Putus Sekolah, Wanita Asal Pontianak Ini Jadi Bintang TV di Taiwan


Putus sekolah adalah mimpi buruk bagi siapa pun. Di saat pemerintah menggaungkan pendidikan adalah hak bangsa, masih ada di sekitar kita, mereka yang terpaksa menyerah pada pendidikan karena suatu hal.

Salah satunya dialami oleh Mok Ai-fang, masyarakat keturunan Tionghwa yang berasal dari Pontianak, Kalimantan, Indonesia. Ia berasal dari keluarga yang sangat sederhana, sehingga ia terpaksa meninggalkan sekolah setelah lulus SMP. Namun, ia tidaklah menyerah, hingga usahanya membuahkan hasil.

taiwanpanorama.com

Dikutip dari Taiwan Panorama, karena ia tak menyelesaikan sekolahnya, ia meninggalkan bangku studi dan langsung turun ke dalam dunia pekerjaan. Guna tidak menambah beban keluarga, sejak lulus SMP, dirinya bekerja di Malaysia selama 2 tahun, lalu pindah ke Singapura.
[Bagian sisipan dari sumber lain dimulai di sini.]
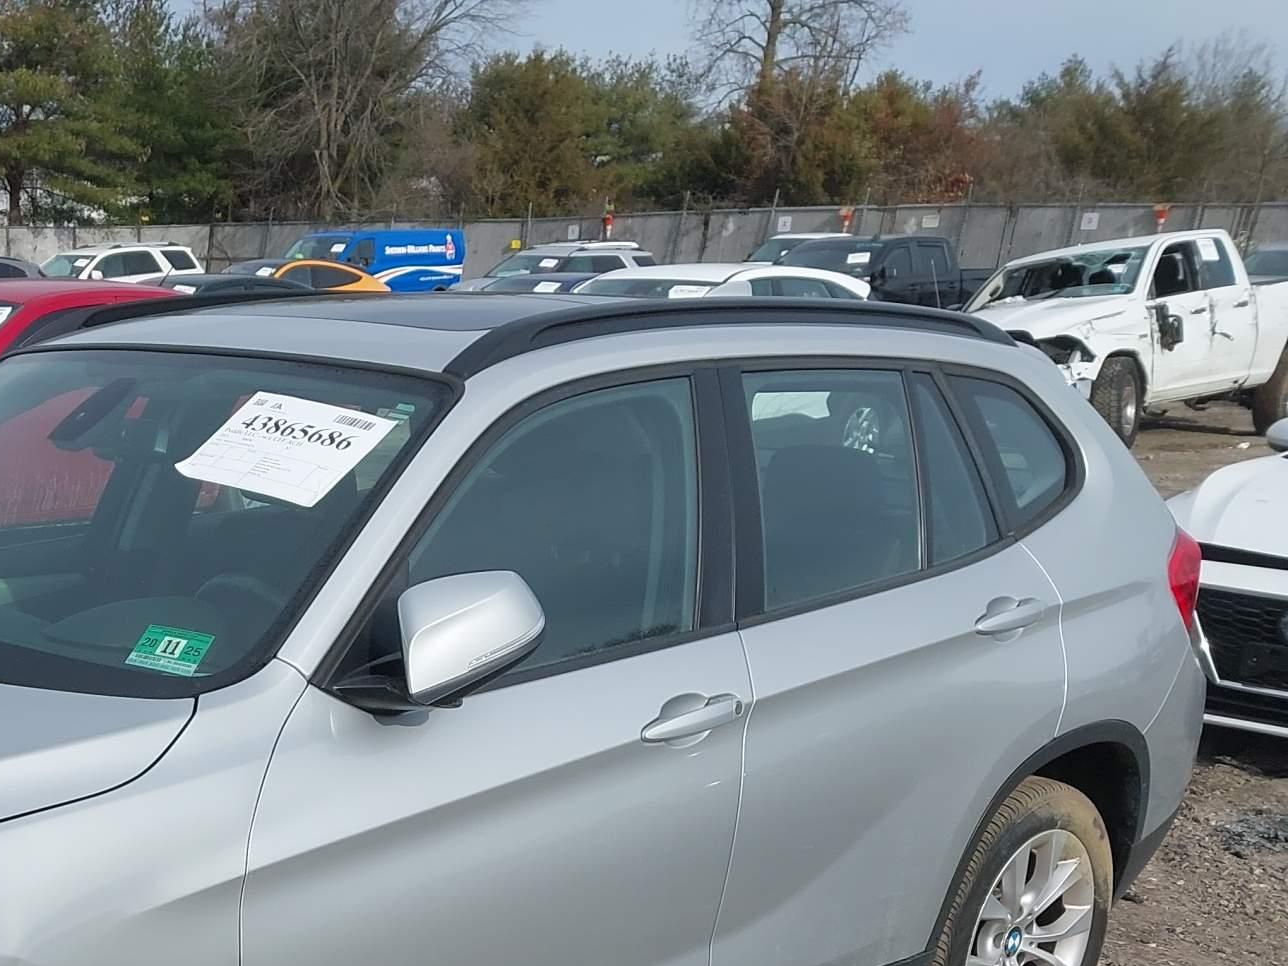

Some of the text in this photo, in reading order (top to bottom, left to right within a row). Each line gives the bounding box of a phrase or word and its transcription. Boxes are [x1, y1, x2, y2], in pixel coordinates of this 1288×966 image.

[241, 413, 359, 451] 43865686
[142, 637, 203, 657] 20 11 25
Akhir tahun 2000, ada teman yang mengajaknya untuk bekerja di luar negeri, dipilihlah Taiwan. Mulai dari sebagai perawat hingga pekerja pabrik, semua dilakoninya agar bisa bertahan hidup di negeri orang.

Kurang dari 6 bulan sebelum izin kerjanya habis, secara tidak terduga ia malah mendapatkan jodoh seorang pria Taiwan. Setelah bertahun-tahun berada di Taiwan, ia masih kesulitan dengan bahasa. Kakak iparnya menyarankan ia mengikuti kursus bahasa.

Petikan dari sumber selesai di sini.